Он подвел ее к задрапированному зеленым бархатом мольберту, где выставлено было «Святое семейство» — на рамке можно было прочитать имя Микеланджело.
— Это «Святое семейство» я видал у торговцев и в Лондоне, и в Базеле, и в Париже. Так как им не удалось продать его за те двадцать пять луидоров, которых оно стоит, они поручили последнему Альбертинелли запросить за нее пятьдесят тысяч франков.
Князь, заметив, что они шепчутся, и догадываясь, о чем они говорят, подошел к ним с чрезвычайно любезным видом:
— С этой картины есть копия, которая продавалась во многих городах. Я не утверждаю, что это подлинник. Но он всегда был у нас в доме и в старых инвентарях приписывается Микеланджело. Вот все, что я могу сказать.
И князь вернулся к мисс Белл, которую привлекали предшественники Возрождения.

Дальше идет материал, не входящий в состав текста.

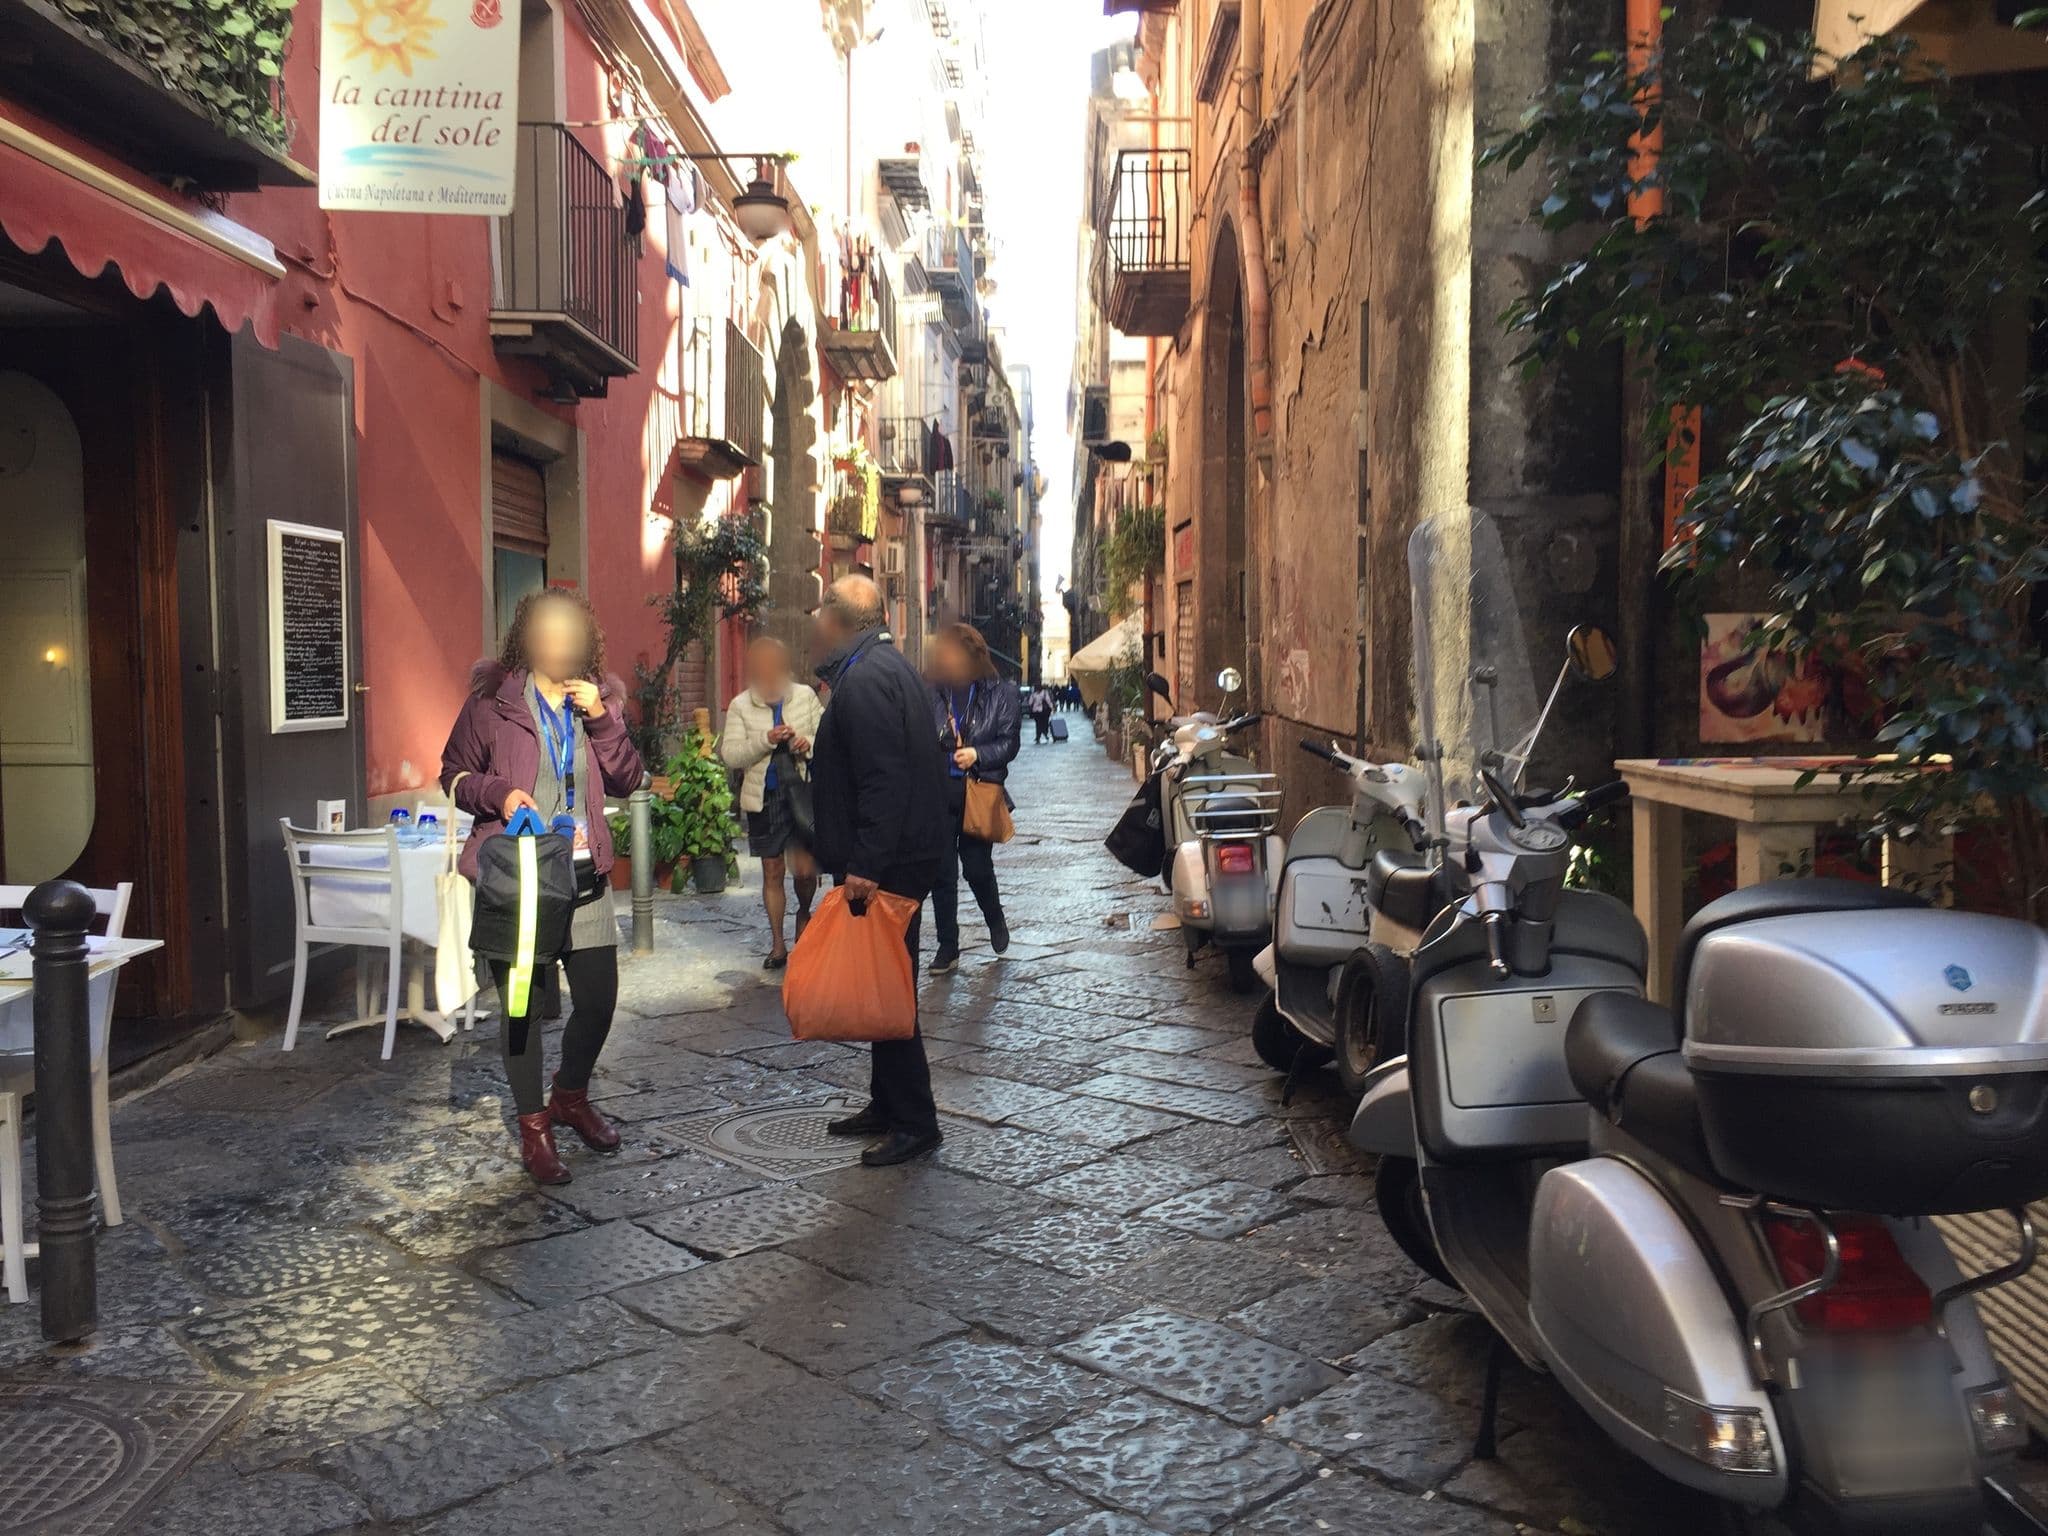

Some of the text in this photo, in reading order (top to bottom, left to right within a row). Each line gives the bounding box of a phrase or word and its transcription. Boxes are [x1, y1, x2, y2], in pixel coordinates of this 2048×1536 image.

Дешартру было не по себе. Со вчерашнего дня он думал о Терезе. Он всю ночь мечтал о ней, рисовал себе ее образ. Теперь, когда он вновь увидел ее, она оказалась очаровательной, но очаровательной по-иному, и еще более желанной, чем в его ночных грезах; она была менее воздушной и туманной: живее, сильнее, острее чувствовалась ее плоть, но душа ее была еще таинственнее и непроницаемее. Она была печальна и показалась ему холодной и рассеянной. Дешартр подумал, что он ничего не значит для нее, что становится назойлив и смешон. Он помрачнел, пришел в раздражение. С горечью он прошептал ей на ухо:
— Я колебался. Мне не хотелось идти сюда. Зачем я пришел?
Она сразу поняла, что он хочет сказать, поняла, что теперь он боится ее, что он нетерпелив, нерешителен и неловок. Он ей нравился таким, и она была ему благодарна за то волнение и те желания, которые вызывала в нем.
У нее забилось сердце. Но, притворившись, будто она поняла его слова как сожаление о том, что он потратил время ради скверной живописи, она ответила, что действительно галерея не представляет ничего интересного. Уже содрогнувшись было при мысли, что мог прогневить ее, он снова успокоился и подумал, что и в самом деле она, равнодушная и рассеянная, не уловила ни смысла вырвавшихся у него слов, ни выражения, с каким они были сказаны.
Он подтвердил:
— Да, ничего интересного.
Князь, пригласивший дам к завтраку, попросил и их знакомца остаться вместе с ними. Дешартр уклонился. Он уже собирался уходить, как вдруг в большой пустой гостиной, где на консолях стояли какие-то коробки из-под конфет, он очутился наедине с г-жой Мартен. Он хотел бежать от нее, а теперь ему хотелось только одного — снова встретиться с нею. Он напомнил ей, что завтра им предстоит осматривать палаццо Барджелло[85].
— Ведь вы позволили мне сопровождать вас.
Она спросила, не показалась ли она ему сегодня скучной и мрачной. О нет, скучной он ее не находит, но ему кажется, что она немножко грустна.
— Увы, — прибавил он, — я даже не имею права узнать, в чем ваши печали и радости.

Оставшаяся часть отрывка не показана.